Întru aceasta este un semn, însă cei mai mulţi nu sunt credincioşi.

Transliteration: 

Inna fee thalika laayatan wama kana aktharuhum mumineena

Türkçe: 

Elbette bunda bir ayet var ama onların çoğu müminler değildi.

Sahih International: 

Indeed in that is a sign, but most of them were not to be believers.

İngilizce: 

Verily in this is a Sign: but most of them do not believe.

Azerbaycanca: 

Şübhəsiz ki, bunda (Lutun bu hekayətində) bir ibrət vardır. Halbuki onların əksəriyyəti iman gətirmədi.

Süleyman Ateş: 

Muhakkak ki bunda bir ibret vardır, ama yine çokları inanmazlar.

Diyanet Vakfı: 

Elbet bunda büyük bir ibret vardır; fakat çokları iman etmezler.

Erhan Aktaş: 

Kuşkusuz bunda(1) bir âyet(2) vardır. Ama onların çoğu îmân edenlerden olmadı.

Kral Fahd: 

Elbet bunda büyük bir ibret vardır fakat çokları iman etmezler.

Hasan Basri Çantay: 

Şübhesiz bunda elbette bir ibret vardır. (Fakat) onların çoğu îman ediciler değildir.

Muhammed Esed: 

Bu (kıssada da insanlar için) bir ders vardır; onlardan çoğu (buna) inanmasalar da...

Gültekin Onan: 

Gerçekten bunda bir ayet vardır, ama onların çoğu inançlı olmamıştır.

Ali Fikri Yavuz: 

Muhakkak ki bunda (onlara yaptığımız helâk işinde), arkalarından gelecekler için büyük bir ibret vardır

Portekizce: 

Sabei que nisto há um sinal; porém, a maioria deles não crê.

İsveççe: 

I detta ligger förvisso ett budskap [till människorna], men de flesta av dem vill inte tro.

Farsça: 

بی تردید در این سرگذشت عبرتی بزرگ وجود دارد و قوم لوط بیشترشان مؤمن نبودند،

Kürtçe: 

بەڕاستی لەمەدا (باسکرا) پەندێکی گەورە ھەیە بەڵام زۆربەیان باوەڕدار نەبوون

Özbekçe: 

Албатта, бунда оят-белги бор.
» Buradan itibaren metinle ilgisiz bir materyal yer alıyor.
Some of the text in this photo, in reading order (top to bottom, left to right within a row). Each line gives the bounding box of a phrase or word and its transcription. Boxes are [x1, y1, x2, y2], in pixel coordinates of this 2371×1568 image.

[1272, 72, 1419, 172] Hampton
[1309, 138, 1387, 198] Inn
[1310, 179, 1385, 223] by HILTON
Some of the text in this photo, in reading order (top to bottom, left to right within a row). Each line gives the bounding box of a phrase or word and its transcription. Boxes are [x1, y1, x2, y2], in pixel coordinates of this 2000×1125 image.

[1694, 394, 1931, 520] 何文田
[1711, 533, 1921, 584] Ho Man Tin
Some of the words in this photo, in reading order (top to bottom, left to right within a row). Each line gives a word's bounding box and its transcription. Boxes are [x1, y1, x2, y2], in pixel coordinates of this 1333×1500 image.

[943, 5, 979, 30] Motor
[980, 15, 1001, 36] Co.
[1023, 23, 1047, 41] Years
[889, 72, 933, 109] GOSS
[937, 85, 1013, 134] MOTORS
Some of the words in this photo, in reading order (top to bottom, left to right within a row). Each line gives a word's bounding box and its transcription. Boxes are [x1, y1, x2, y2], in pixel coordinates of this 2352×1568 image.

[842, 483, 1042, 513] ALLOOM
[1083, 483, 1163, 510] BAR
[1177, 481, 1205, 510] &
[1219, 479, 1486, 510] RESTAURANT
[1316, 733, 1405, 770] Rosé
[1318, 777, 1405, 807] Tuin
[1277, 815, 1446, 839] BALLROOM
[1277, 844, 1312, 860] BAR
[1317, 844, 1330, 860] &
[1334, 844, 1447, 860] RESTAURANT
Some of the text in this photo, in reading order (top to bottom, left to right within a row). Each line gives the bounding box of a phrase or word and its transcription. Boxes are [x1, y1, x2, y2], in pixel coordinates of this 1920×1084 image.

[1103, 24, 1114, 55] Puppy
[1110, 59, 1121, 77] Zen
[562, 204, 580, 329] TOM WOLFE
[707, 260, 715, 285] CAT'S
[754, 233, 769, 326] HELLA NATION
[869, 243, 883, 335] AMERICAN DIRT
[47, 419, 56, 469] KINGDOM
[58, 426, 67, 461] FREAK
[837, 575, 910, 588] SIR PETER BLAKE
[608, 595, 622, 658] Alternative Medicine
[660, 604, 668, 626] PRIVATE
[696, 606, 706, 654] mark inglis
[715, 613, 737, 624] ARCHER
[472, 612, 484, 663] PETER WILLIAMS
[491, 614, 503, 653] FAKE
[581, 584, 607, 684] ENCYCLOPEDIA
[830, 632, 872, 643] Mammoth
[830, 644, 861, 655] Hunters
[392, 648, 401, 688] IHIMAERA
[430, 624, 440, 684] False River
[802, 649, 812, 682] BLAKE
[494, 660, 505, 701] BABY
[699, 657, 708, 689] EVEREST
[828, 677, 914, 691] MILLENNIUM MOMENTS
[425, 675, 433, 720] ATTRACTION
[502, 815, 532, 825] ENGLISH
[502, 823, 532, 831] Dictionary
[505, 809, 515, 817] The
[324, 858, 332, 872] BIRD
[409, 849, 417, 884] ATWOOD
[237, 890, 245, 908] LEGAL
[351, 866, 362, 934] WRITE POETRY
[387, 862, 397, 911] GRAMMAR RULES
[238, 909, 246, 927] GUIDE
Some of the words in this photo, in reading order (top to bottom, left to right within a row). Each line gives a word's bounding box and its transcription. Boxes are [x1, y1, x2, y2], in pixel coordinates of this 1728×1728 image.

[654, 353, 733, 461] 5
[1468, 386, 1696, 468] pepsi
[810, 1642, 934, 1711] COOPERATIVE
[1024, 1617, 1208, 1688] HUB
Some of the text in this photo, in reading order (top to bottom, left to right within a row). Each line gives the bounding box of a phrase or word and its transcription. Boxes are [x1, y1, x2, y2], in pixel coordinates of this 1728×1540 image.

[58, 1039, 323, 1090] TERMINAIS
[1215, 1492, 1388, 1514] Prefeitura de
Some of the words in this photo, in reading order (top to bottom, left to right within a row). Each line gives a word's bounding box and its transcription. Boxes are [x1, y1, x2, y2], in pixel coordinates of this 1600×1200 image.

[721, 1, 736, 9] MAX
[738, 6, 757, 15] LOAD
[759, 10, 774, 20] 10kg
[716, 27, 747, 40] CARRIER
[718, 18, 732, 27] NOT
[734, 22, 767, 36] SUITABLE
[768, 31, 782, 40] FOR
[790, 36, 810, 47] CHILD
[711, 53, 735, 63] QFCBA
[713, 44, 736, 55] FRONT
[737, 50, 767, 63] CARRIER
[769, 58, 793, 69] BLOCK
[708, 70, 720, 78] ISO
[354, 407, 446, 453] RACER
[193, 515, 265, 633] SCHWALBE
Лекин кўплари мўмин бўлмадилар.

Malayca: 

Sesungguhnya peristiwa yang demikian, mengandungi satu tanda (yang membuktikan kekuasaan Allah); dan dalam pada itu, kebanyakan mereka tidak juga mahu beriman.

Arnavutça: 

Me të vërtetë, në këtë ka argument (këshillë), por shumica e tyre nuk janë besimtarë,

Bulgarca: 

И колко лош бе дъждът за предупредените!

Sırpça: 

То је заиста доказ, али већина њих не верује.

Çekçe: 

A věru je v tomto znamení, však většina z nich nevěří.

Urduca: 

یقیناً اس میں ایک نشانی ہے، مگر اِن میں سے اکثر ماننے والے نہیں

Tacikçe: 

Албатта дар ин ибратест ва бештаринашон имон наёварданд.

Tatarca: 

Боларның һәлак булуында да гыйбрәт бар, аларның күпләре ышанучылардан булмадылар.

Endonezyaca: 

Sesunguhnya pada yang demikian itu benar-benar terdapat bukti-bukti yang nyata. Dan adalah kebanyakan mereka tidak beriman.

Amharca: 

በዚህ ውስጥ አስደናቂ ተዓምር አልለበት፡፡ አብዛኞቻቸውም ምእመናን አልነበሩም፡፡

Tamilce: 

நிச்சயமாக இதில் ஓர் அத்தாட்சி இருக்கிறது. இன்னும், அவர்களில் அதிகமானவர்கள் நம்பிக்கையாளர்களாக இல்லை.

Korece: 

실로 이 안에는 하나의 예 증이 있으나 그들 대다수는 믿지 아니 하였더라

Vietnamca: 

Quả thật, trong sự việc đó là một dấu hiệu (bài học cho những ai phủ nhận và không vâng lời các vị Thiên Sứ của Allah); tuy nhiên, đa số bọn họ không có đức tin.